◆ Given information:
▬▬▬▬▬▬▬▬▬▬
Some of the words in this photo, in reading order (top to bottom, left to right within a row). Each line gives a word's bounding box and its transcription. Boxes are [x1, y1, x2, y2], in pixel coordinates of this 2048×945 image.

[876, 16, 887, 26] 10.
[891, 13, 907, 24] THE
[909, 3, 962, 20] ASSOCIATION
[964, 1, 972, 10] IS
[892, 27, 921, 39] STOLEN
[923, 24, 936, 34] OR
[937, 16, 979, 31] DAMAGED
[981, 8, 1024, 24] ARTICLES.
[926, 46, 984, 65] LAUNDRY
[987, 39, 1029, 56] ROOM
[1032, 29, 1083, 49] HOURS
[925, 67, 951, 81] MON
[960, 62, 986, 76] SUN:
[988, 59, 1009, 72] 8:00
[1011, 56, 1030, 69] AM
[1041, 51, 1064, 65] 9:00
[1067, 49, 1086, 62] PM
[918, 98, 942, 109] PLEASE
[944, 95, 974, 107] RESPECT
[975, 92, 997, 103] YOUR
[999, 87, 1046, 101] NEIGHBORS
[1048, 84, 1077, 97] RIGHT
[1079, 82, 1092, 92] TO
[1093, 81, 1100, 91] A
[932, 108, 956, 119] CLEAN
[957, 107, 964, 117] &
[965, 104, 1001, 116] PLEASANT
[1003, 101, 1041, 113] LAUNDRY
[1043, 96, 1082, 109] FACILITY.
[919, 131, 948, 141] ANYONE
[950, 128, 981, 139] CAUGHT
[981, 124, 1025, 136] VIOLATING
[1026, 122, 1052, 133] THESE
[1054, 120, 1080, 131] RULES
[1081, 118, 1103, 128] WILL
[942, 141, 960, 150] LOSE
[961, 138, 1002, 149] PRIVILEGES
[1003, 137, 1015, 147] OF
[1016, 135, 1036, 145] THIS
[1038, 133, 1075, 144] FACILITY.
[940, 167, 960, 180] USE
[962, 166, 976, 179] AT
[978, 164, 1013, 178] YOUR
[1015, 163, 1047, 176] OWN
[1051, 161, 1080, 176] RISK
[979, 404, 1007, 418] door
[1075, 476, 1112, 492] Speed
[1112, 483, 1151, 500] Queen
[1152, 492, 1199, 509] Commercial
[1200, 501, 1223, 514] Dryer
▬▬▬▬▬▬▬▬▬▬
◆ Your goal: Where a line of the entries contains the word "FACILITY", count it, then state the total and nothing else.

◆ Expected output: 2